Prompt
Exact reproduction of all the entries is required, without any of their pictures.

Supplied records
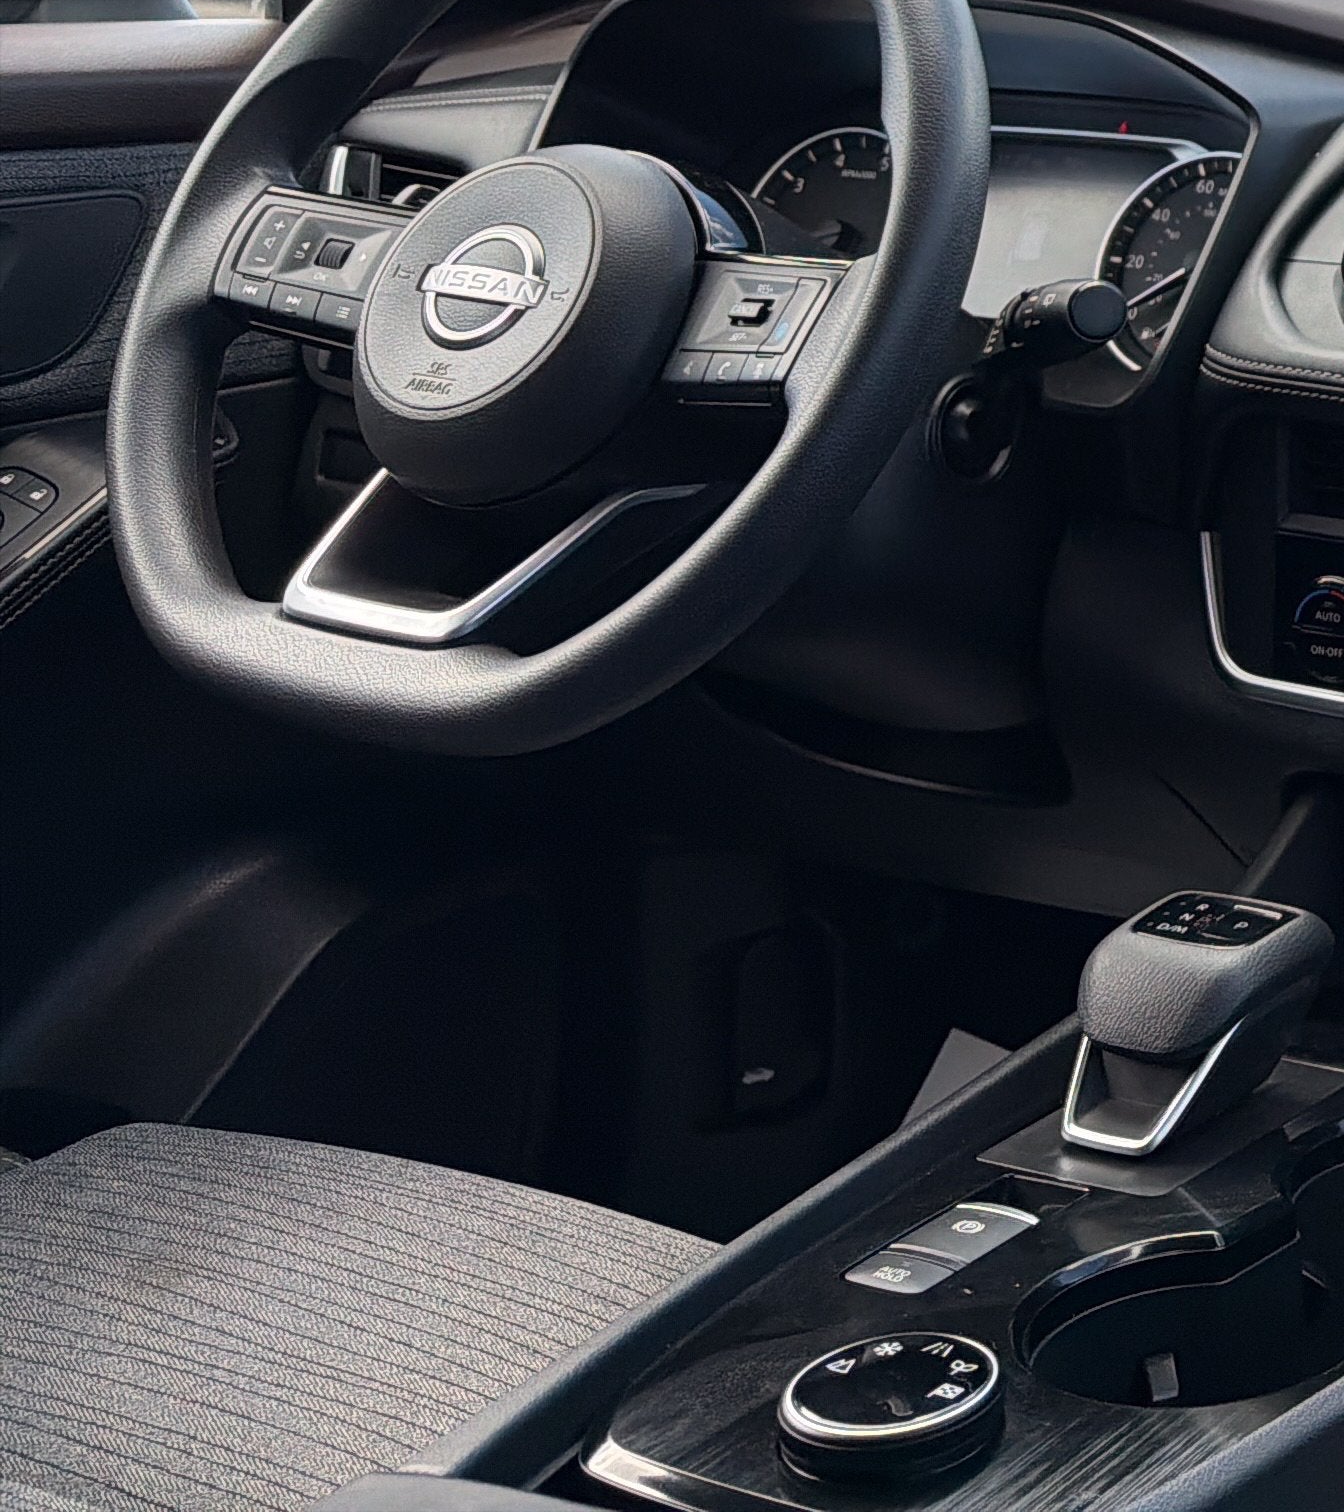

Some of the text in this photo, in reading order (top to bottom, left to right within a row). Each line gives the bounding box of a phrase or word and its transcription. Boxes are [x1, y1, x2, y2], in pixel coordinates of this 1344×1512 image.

[793, 177, 805, 193] 3
[1196, 179, 1215, 194] 60
[1151, 208, 1171, 222] 40
[1125, 254, 1145, 269] 20
[424, 266, 546, 306] NISSAN
[1127, 306, 1138, 321] 0
[405, 378, 454, 395] AIRBAG
[1315, 610, 1341, 624] AUTO
[1233, 920, 1249, 930] P
[872, 1271, 905, 1283] HOLD
[878, 1265, 912, 1278] AUTO
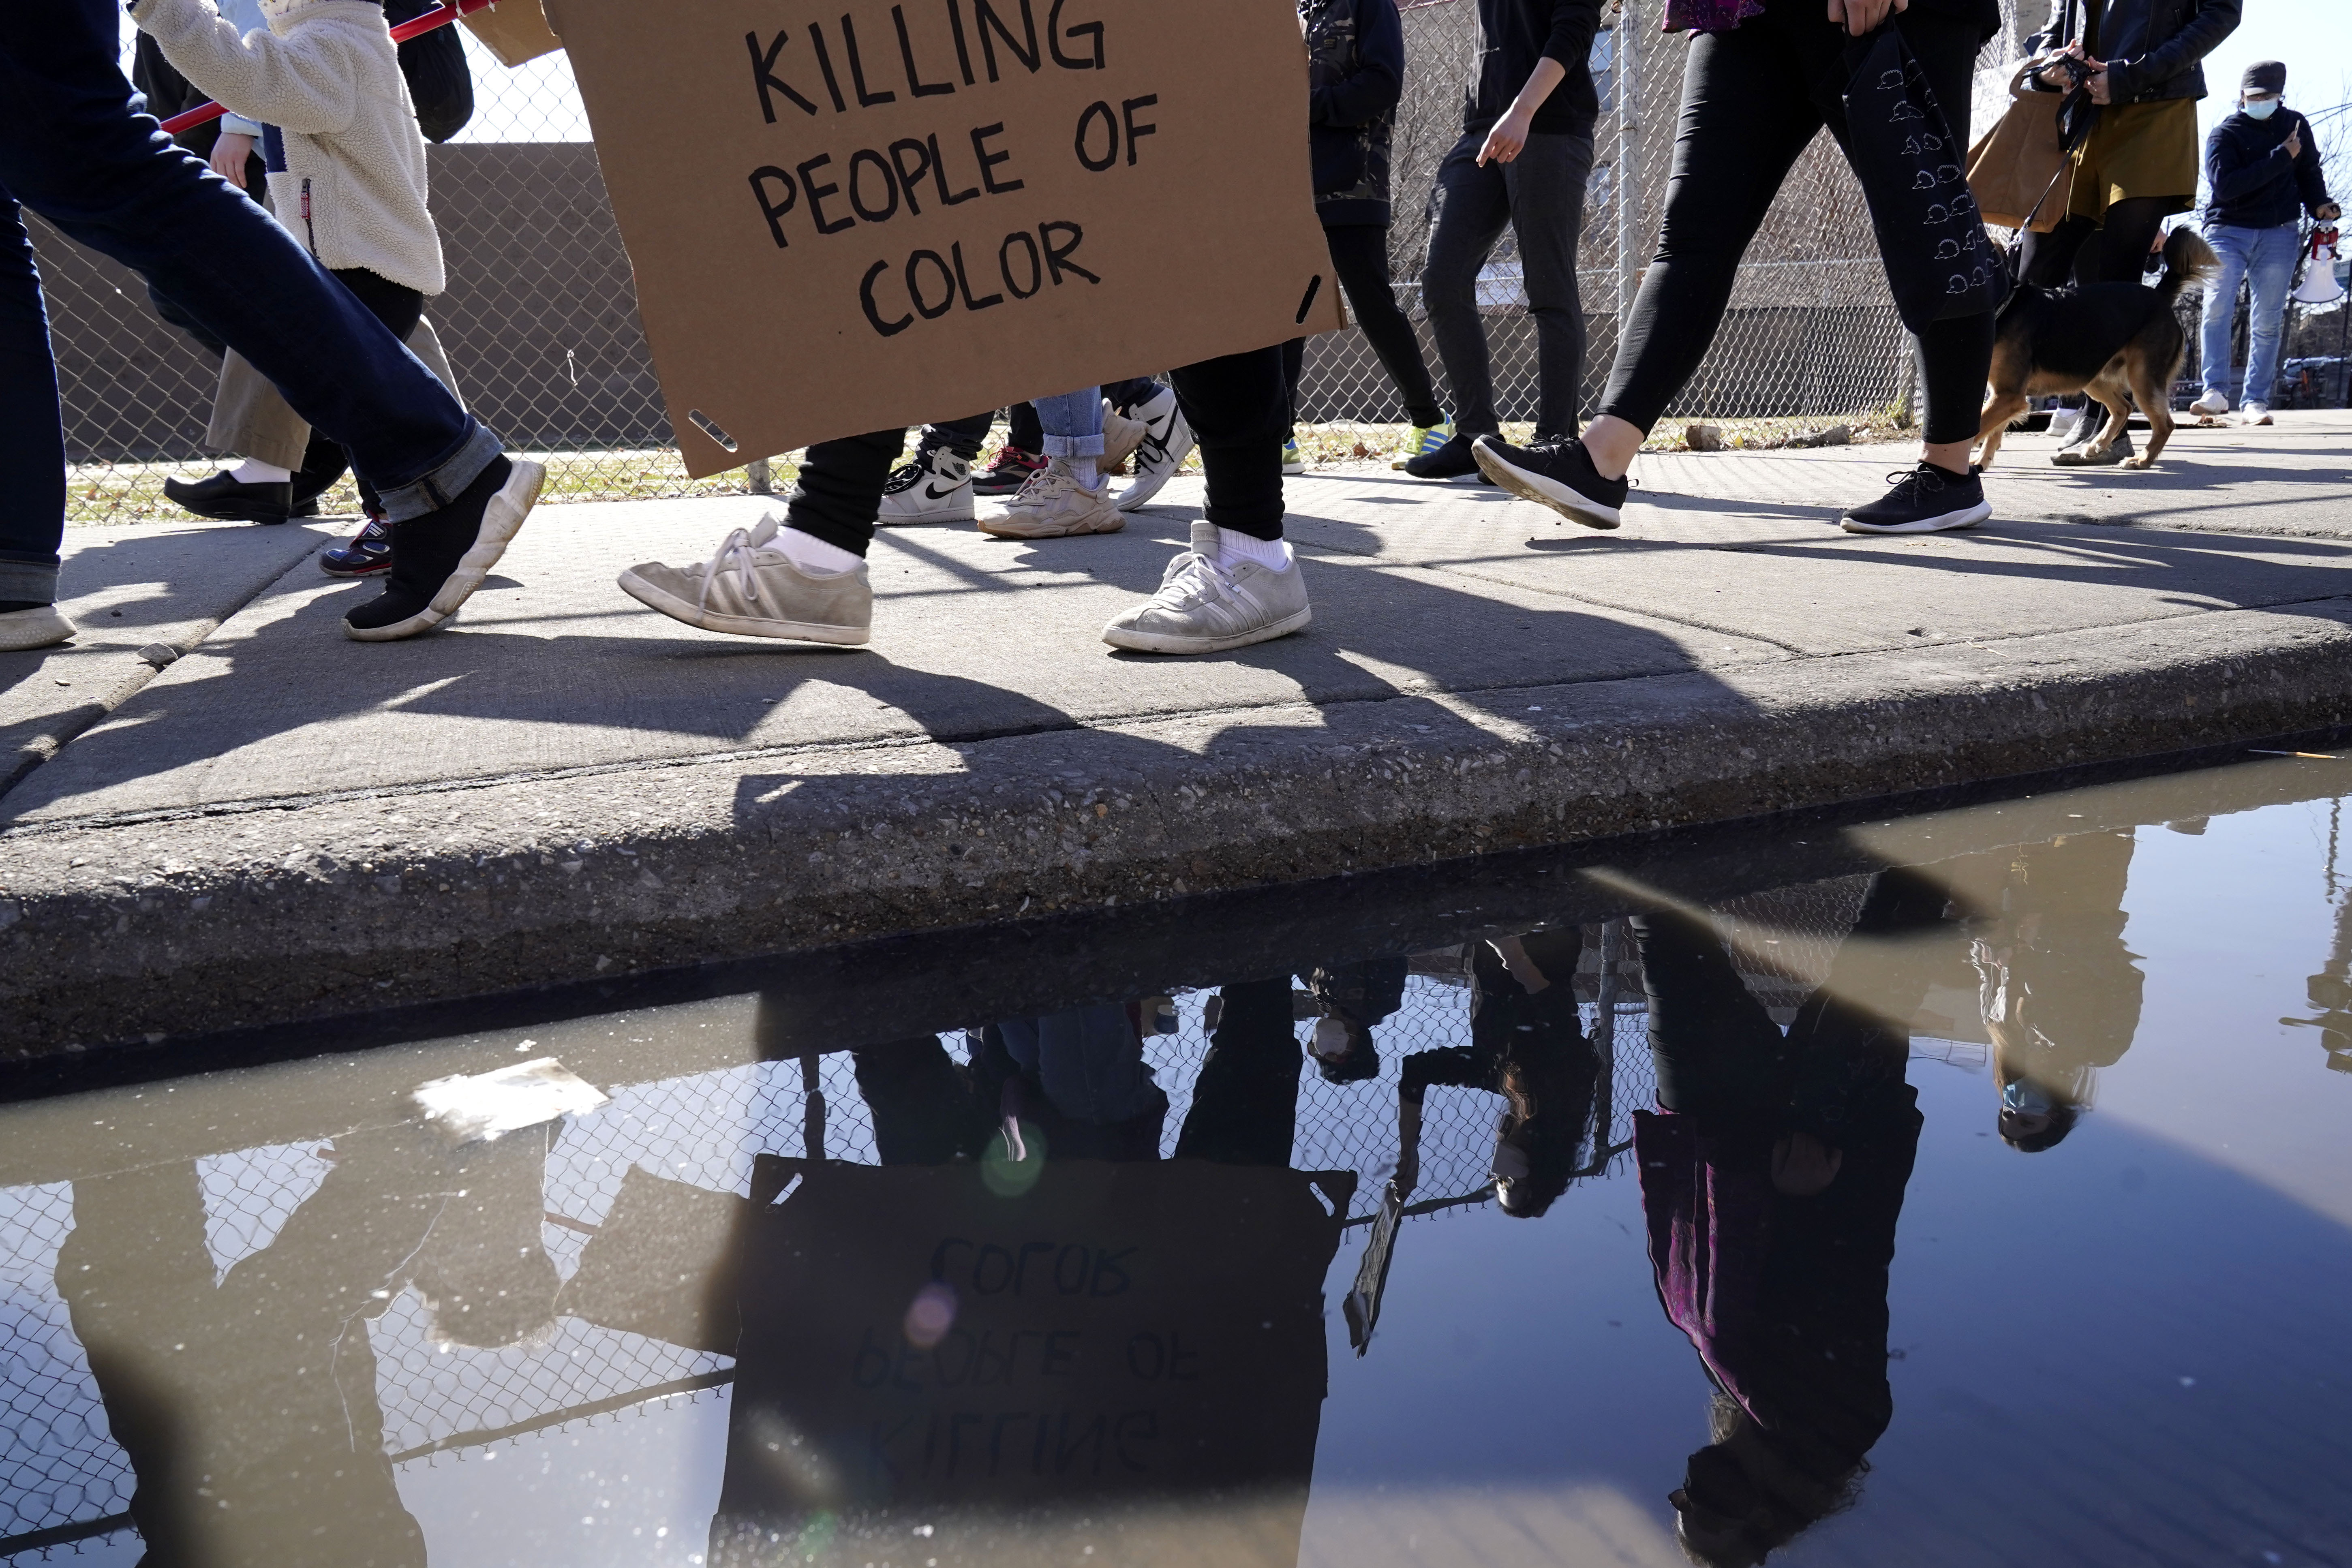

Expected answer
Some of the text in this photo, in reading order (top to bottom, left to right within a row). Each line gives the bounding box of a phrase or word and its transcription. Boxes are [x1, y1, x2, y2], in pixel coordinates of this 1344×1512 image.

[793, 177, 805, 193] 3
[1196, 179, 1215, 194] 60
[1151, 208, 1171, 222] 40
[1125, 254, 1145, 269] 20
[424, 266, 546, 306] NISSAN
[1127, 306, 1138, 321] 0
[405, 378, 454, 395] AIRBAG
[1315, 610, 1341, 624] AUTO
[1233, 920, 1249, 930] P
[872, 1271, 905, 1283] HOLD
[878, 1265, 912, 1278] AUTO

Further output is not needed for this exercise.